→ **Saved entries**
[Start of Attachment]

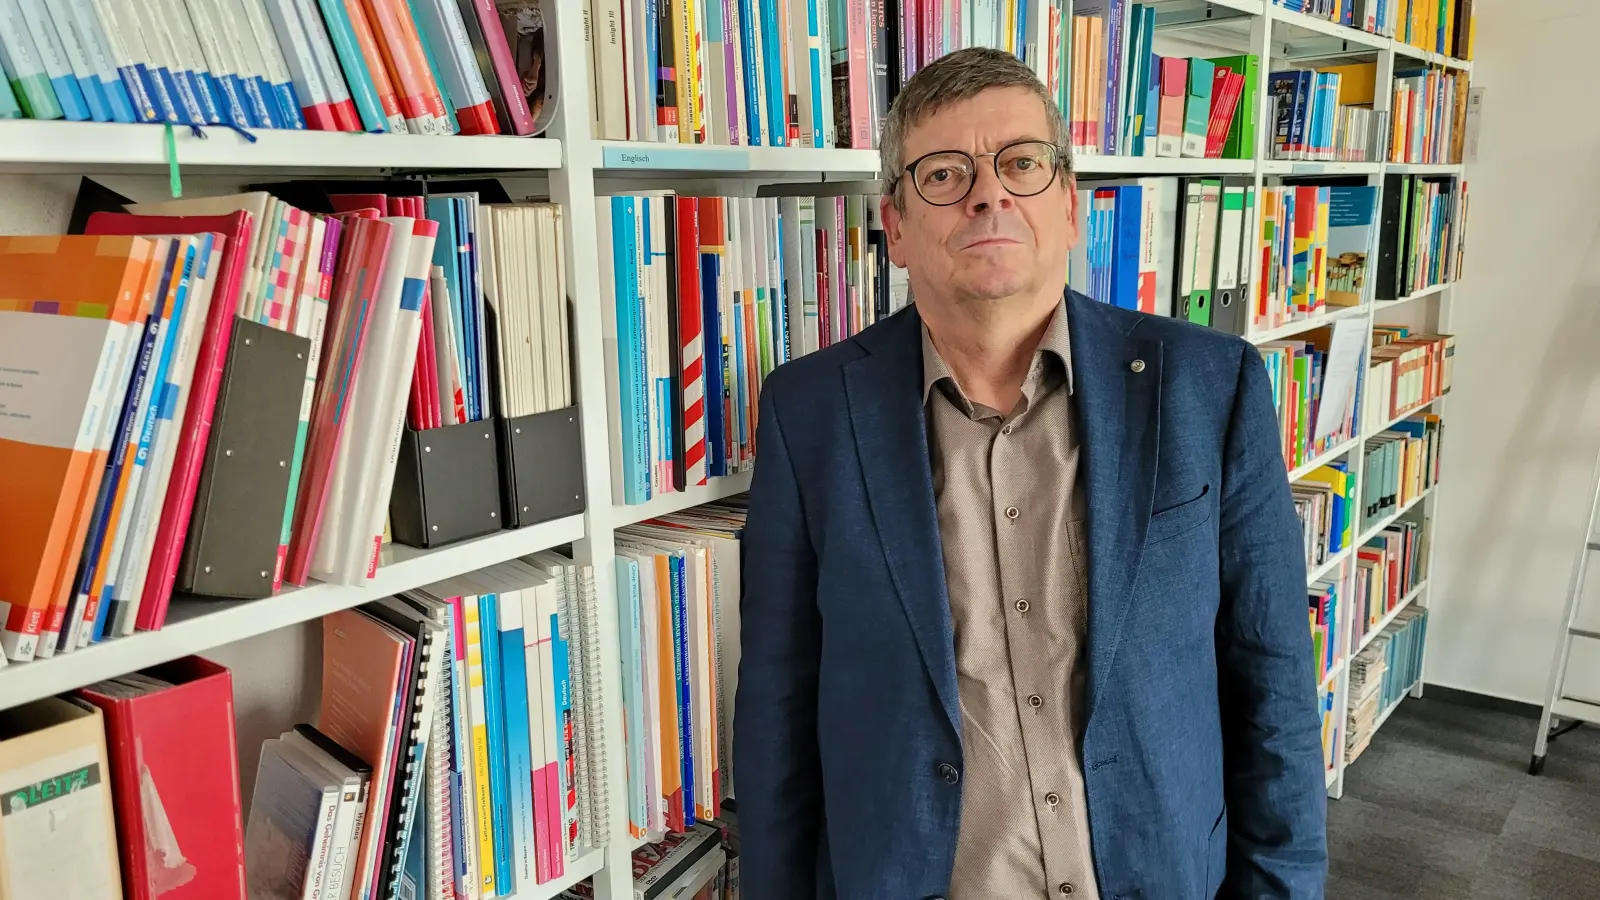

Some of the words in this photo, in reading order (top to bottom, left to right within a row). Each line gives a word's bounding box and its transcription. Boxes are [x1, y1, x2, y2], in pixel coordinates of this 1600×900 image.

[608, 20, 616, 44] Insight
[870, 8, 879, 48] Literature
[621, 153, 650, 163] Englisch
[138, 446, 148, 460] 6
[27, 611, 41, 633] Klett
[674, 638, 683, 680] WORKSHEETS
[327, 804, 336, 822] Das
[566, 817, 575, 850] TRAINING
[319, 823, 333, 869] Geheimnis
[329, 846, 345, 891] BESUCH
[646, 875, 657, 884] DVD

[End of Attachment]

→ **Exercise**
The records above need to be given again exactly. Omit the pictures.

→ **Response**
Some of the words in this photo, in reading order (top to bottom, left to right within a row). Each line gives a word's bounding box and its transcription. Boxes are [x1, y1, x2, y2], in pixel coordinates of this 1600×900 image.

[608, 20, 616, 44] Insight
[870, 8, 879, 48] Literature
[621, 153, 650, 163] Englisch
[138, 446, 148, 460] 6
[27, 611, 41, 633] Klett
[674, 638, 683, 680] WORKSHEETS
[327, 804, 336, 822] Das
[566, 817, 575, 850] TRAINING
[319, 823, 333, 869] Geheimnis
[329, 846, 345, 891] BESUCH
[646, 875, 657, 884] DVD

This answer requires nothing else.